Eğer bakışlarınla, sarılmaların ve okşamaların artık sevgi sözcükleri olmasaydı.
Seninle olan bu resmi kalbimde saklamak istiyorum.
Her zaman neysen O’sun.
Ama ne de güzellik bu, her zamankine benzemiyorsun bugün.
Bir b/aşka güzelliğin var.
Ben teheccüt vakti duayla hep buradayım, seninle ilgileniyorum, endişelenme.
Beni bırak, seni bırakma!..
Bitmedi, bitmedi uçmak, şarkı söylemek, gitmek, tekrar gitmek.
Cahil kişi gülün güzelliğini görmez, gider dikenine takılır.

Sevgiyle acı çekmek, sevmek, bitmedi kalan zamanı çok seviyorum.
Eğer sevgi senin gibi olsaydım, hep yirmi yaşında olsaydım.
Kalp safâsı ve beden hafifliğiyle seni vaatlerle örterdim.
Bazen hangi kelimenin nereye ait olduğunu hatırlayamıyorum.
Bu iğrenç!….
Çünkü şaşırtıcı bir sadelikle yazıyorum insanı.
Bu sadeliğe aşık olmayı başarıyorum.
Cahil kişi gülün güzelliğini görmez, gider dikenine takılır.

Şiir yazmak için kağıtlarımı kaldırıyorum.
Ve bir hafta sonra kelimeleri, metnime alan derinliği verebilecek ifadeleri hatırlıyorum.
Ve bir şeyi düzeltmek veya rötuşlamak için çok geç.
İnsanlar geleceği görebilen ve şifa verebilen bu çılgın garibler hakkında fısıldaşmaya başladılar.
O uğultu sesi onu aşkın büyük şehrine götürdü.
Ama kendine has havası onu fark edilir kılıyordu.
Bu çağın astral beden dediği şeyi bile putperestlerden ayırıp, bedenimin yalnız bir eve gidişini seyredebiliyorum.
Cahil kişi gülün güzelliğini görmez, gider dikenine takılır.

Hassas insanların sorunu, kalplerinin her yere dağılmasına izin vermeleridir.
Garibler putperest insanların peşinden koşmadı.
Onu kovalıyorlardı hayatta, inciniyordu ama incitemedi kendinden başkasını.
Zengin hanımlar, hizmetçiler, hatta….
Gecenin bir vakti gönül evinin önünde bekleyip onu görmek için yalvarıyorlardı.
Ona saplantı dolu davet mektupları gönderdiler.
Kimisi kendini çıplak, zengin, güzel gösterdi.
Bir kadın saçlarından bir tutamı ganimet olarak saklıyordu.
Cahil kişi gülün güzelliğini görmez, gider dikenine takılır.

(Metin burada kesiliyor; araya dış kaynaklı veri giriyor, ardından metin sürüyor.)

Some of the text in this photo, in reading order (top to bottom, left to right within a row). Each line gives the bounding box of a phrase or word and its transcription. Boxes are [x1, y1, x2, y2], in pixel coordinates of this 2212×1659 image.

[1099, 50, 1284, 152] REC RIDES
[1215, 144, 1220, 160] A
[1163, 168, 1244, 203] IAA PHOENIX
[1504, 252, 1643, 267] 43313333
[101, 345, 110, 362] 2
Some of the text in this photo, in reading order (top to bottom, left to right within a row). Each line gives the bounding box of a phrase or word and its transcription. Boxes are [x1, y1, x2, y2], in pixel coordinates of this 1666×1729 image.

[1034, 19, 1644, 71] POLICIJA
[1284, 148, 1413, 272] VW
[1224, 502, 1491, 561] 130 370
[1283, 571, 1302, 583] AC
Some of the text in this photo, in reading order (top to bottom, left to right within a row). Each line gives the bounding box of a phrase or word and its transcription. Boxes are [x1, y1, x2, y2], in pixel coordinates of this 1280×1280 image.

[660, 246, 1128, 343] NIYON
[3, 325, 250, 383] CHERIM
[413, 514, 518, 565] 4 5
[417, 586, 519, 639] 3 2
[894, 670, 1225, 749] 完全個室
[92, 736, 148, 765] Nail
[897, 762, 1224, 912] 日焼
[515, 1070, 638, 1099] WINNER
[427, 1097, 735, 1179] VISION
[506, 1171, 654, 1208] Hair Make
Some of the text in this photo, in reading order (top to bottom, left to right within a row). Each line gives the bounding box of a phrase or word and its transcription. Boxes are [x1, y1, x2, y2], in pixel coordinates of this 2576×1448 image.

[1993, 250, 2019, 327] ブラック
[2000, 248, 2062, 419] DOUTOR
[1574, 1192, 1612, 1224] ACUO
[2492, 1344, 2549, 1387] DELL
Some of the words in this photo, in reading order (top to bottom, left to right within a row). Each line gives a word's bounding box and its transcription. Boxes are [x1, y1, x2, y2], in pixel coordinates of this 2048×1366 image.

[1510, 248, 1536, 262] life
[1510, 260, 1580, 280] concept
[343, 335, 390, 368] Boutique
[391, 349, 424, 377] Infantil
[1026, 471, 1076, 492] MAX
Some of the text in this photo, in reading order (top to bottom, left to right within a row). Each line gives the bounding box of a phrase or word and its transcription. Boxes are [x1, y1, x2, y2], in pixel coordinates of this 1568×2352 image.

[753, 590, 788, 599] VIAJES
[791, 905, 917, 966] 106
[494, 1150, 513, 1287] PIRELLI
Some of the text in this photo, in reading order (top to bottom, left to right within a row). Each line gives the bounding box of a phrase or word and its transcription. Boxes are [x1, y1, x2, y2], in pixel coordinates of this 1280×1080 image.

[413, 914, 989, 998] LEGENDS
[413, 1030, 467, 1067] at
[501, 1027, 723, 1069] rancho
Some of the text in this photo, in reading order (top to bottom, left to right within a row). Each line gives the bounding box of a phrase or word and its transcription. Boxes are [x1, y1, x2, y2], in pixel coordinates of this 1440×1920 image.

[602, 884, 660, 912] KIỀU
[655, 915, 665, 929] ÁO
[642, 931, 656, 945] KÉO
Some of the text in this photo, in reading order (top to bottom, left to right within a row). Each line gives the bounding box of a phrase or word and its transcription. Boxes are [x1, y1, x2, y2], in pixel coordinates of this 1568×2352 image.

O kadar kötü kokuyordu ki insanlar insanda boğuluyordu.
Ama içeri sanki orası kendisine aitmiş gibi girdi.
Kimseye boyun eğmedi.
İşte o saf güven kadınları zayıflattı.
Kokularına değil, duruşlarına önem veriyorlardı.
Yaşamak için güçlü olmak zorundasın.
Ama aradığım güç, zaferi yenilgiden ayıran güç değil.
Ey susmak!..
Benim özüm sensin.
Cahil kişi gülün güzelliğini görmez, gider dikenine takılır.

Şafak sökmeden dışarıdan gelen gücü geri püskürtebilecek bir duvar aramıyorum.
Benim istediğim bu gücü absorbe edebilmek, ona karşı koyabilmek.
Haksızlık, talihsizlik, üzüntü, hata, yanlış anlaşılma gibi olaylara sakinlikle dayanma gücü.
Neyin üstüne titriyorsan bil ki değerin, odur ancak.
İşte bu yûzdendirki âşıkın gönlü, Arş'tan da üstündür.
Hiçbir şey söylemedin kendin için.
Çemberindeydin şimşek gibi yaşam çığlığın.
Sustun uğursuz bir putun gölgesinden.
Cahil kişi gülün güzelliğini görmez, gider dikenine takılır.

Bir gönüle bakıp, sen farklısın diyebilmek için mezarlık bekçisiyle dost ol.
Tanrı seni seçti gönlüme inen Maide olarak derdimsin.
Kim ya da kimlerden olması önemli değildi. Eriyordu artık kısalan ömür.
Ay toprağın üstünden geçerken, ilk kez görüldüğünü hissetti.
Bu kartı defalarca oynadı insan insana ve her seferinde işe yaradı.
Yeni dünyanın büyücüleri gibi.
Kendi sessizliğinde yanan şimdi sessizce yağmurun altında gidiyorsun.
Şimdi sen de öfke, genç ölülerin arasında sevinçtir sanki.
Cahil kişi gülün güzelliğini görmez, gider dikenine takılır.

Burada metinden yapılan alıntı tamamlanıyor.